*What you will do*.
Line by line, repeat all the material exactly as it appears.

** Opening Given data block **

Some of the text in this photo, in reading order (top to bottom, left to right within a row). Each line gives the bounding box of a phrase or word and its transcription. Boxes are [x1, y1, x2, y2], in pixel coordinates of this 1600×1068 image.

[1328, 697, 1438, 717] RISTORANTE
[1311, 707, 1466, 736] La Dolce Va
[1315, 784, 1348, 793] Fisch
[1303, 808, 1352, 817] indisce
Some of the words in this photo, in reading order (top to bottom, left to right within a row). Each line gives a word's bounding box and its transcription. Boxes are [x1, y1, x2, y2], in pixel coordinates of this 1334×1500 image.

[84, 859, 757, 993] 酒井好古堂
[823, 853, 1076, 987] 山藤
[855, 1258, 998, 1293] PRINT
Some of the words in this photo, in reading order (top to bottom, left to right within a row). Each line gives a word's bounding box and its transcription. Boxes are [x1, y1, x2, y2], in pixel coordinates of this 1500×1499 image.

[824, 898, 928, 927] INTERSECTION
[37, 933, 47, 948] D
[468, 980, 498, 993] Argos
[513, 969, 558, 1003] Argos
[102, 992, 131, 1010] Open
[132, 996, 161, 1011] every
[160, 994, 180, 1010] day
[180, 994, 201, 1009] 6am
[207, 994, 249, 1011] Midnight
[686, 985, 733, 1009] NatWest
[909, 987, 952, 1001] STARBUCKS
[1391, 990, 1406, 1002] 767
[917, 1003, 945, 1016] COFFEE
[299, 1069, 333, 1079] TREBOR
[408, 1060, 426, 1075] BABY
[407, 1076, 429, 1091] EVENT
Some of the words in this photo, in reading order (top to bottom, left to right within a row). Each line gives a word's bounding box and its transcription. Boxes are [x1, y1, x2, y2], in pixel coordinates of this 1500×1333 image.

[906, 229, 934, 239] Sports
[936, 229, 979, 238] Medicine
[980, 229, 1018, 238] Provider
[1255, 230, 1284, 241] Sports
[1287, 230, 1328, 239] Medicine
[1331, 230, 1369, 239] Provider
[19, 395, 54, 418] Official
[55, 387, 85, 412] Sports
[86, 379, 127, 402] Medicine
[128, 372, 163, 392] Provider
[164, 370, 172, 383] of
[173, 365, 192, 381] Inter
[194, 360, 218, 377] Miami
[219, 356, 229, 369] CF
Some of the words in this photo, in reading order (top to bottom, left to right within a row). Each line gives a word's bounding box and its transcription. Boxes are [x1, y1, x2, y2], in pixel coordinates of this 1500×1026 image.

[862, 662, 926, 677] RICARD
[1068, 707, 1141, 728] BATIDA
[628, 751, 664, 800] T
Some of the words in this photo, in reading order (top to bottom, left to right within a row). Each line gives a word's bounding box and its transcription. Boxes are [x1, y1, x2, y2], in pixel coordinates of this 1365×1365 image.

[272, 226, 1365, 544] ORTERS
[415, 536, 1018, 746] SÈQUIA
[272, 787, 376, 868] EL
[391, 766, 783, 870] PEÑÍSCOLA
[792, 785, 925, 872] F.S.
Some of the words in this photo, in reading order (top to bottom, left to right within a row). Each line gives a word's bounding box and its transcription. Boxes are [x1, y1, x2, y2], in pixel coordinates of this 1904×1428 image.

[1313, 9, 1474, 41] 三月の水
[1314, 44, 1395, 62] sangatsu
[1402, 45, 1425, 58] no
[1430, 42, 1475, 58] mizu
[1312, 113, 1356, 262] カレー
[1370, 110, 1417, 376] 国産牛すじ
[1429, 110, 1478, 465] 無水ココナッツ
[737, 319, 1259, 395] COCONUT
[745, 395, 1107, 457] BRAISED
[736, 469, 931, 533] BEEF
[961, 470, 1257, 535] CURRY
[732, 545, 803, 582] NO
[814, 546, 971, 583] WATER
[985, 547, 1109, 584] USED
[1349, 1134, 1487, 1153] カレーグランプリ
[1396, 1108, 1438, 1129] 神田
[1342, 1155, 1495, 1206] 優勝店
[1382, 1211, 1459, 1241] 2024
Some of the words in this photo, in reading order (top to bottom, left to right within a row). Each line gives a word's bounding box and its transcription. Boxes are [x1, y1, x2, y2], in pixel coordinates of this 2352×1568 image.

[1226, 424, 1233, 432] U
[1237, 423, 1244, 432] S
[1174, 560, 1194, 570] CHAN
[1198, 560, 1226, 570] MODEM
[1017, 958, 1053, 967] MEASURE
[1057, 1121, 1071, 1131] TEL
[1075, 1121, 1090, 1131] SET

** Closing Given data block **

*Response*.
Some of the text in this photo, in reading order (top to bottom, left to right within a row). Each line gives the bounding box of a phrase or word and its transcription. Boxes are [x1, y1, x2, y2], in pixel coordinates of this 1600×1068 image.

[1328, 697, 1438, 717] RISTORANTE
[1311, 707, 1466, 736] La Dolce Va
[1315, 784, 1348, 793] Fisch
[1303, 808, 1352, 817] indisce
Some of the words in this photo, in reading order (top to bottom, left to right within a row). Each line gives a word's bounding box and its transcription. Boxes are [x1, y1, x2, y2], in pixel coordinates of this 1334×1500 image.

[84, 859, 757, 993] 酒井好古堂
[823, 853, 1076, 987] 山藤
[855, 1258, 998, 1293] PRINT
Some of the words in this photo, in reading order (top to bottom, left to right within a row). Each line gives a word's bounding box and its transcription. Boxes are [x1, y1, x2, y2], in pixel coordinates of this 1500×1499 image.

[824, 898, 928, 927] INTERSECTION
[37, 933, 47, 948] D
[468, 980, 498, 993] Argos
[513, 969, 558, 1003] Argos
[102, 992, 131, 1010] Open
[132, 996, 161, 1011] every
[160, 994, 180, 1010] day
[180, 994, 201, 1009] 6am
[207, 994, 249, 1011] Midnight
[686, 985, 733, 1009] NatWest
[909, 987, 952, 1001] STARBUCKS
[1391, 990, 1406, 1002] 767
[917, 1003, 945, 1016] COFFEE
[299, 1069, 333, 1079] TREBOR
[408, 1060, 426, 1075] BABY
[407, 1076, 429, 1091] EVENT
Some of the words in this photo, in reading order (top to bottom, left to right within a row). Each line gives a word's bounding box and its transcription. Boxes are [x1, y1, x2, y2], in pixel coordinates of this 1500×1333 image.

[906, 229, 934, 239] Sports
[936, 229, 979, 238] Medicine
[980, 229, 1018, 238] Provider
[1255, 230, 1284, 241] Sports
[1287, 230, 1328, 239] Medicine
[1331, 230, 1369, 239] Provider
[19, 395, 54, 418] Official
[55, 387, 85, 412] Sports
[86, 379, 127, 402] Medicine
[128, 372, 163, 392] Provider
[164, 370, 172, 383] of
[173, 365, 192, 381] Inter
[194, 360, 218, 377] Miami
[219, 356, 229, 369] CF
Some of the words in this photo, in reading order (top to bottom, left to right within a row). Each line gives a word's bounding box and its transcription. Boxes are [x1, y1, x2, y2], in pixel coordinates of this 1500×1026 image.

[862, 662, 926, 677] RICARD
[1068, 707, 1141, 728] BATIDA
[628, 751, 664, 800] T
Some of the words in this photo, in reading order (top to bottom, left to right within a row). Each line gives a word's bounding box and its transcription. Boxes are [x1, y1, x2, y2], in pixel coordinates of this 1365×1365 image.

[272, 226, 1365, 544] ORTERS
[415, 536, 1018, 746] SÈQUIA
[272, 787, 376, 868] EL
[391, 766, 783, 870] PEÑÍSCOLA
[792, 785, 925, 872] F.S.
Some of the words in this photo, in reading order (top to bottom, left to right within a row). Each line gives a word's bounding box and its transcription. Boxes are [x1, y1, x2, y2], in pixel coordinates of this 1904×1428 image.

[1313, 9, 1474, 41] 三月の水
[1314, 44, 1395, 62] sangatsu
[1402, 45, 1425, 58] no
[1430, 42, 1475, 58] mizu
[1312, 113, 1356, 262] カレー
[1370, 110, 1417, 376] 国産牛すじ
[1429, 110, 1478, 465] 無水ココナッツ
[737, 319, 1259, 395] COCONUT
[745, 395, 1107, 457] BRAISED
[736, 469, 931, 533] BEEF
[961, 470, 1257, 535] CURRY
[732, 545, 803, 582] NO
[814, 546, 971, 583] WATER
[985, 547, 1109, 584] USED
[1349, 1134, 1487, 1153] カレーグランプリ
[1396, 1108, 1438, 1129] 神田
[1342, 1155, 1495, 1206] 優勝店
[1382, 1211, 1459, 1241] 2024
Some of the words in this photo, in reading order (top to bottom, left to right within a row). Each line gives a word's bounding box and its transcription. Boxes are [x1, y1, x2, y2], in pixel coordinates of this 2352×1568 image.

[1226, 424, 1233, 432] U
[1237, 423, 1244, 432] S
[1174, 560, 1194, 570] CHAN
[1198, 560, 1226, 570] MODEM
[1017, 958, 1053, 967] MEASURE
[1057, 1121, 1071, 1131] TEL
[1075, 1121, 1090, 1131] SET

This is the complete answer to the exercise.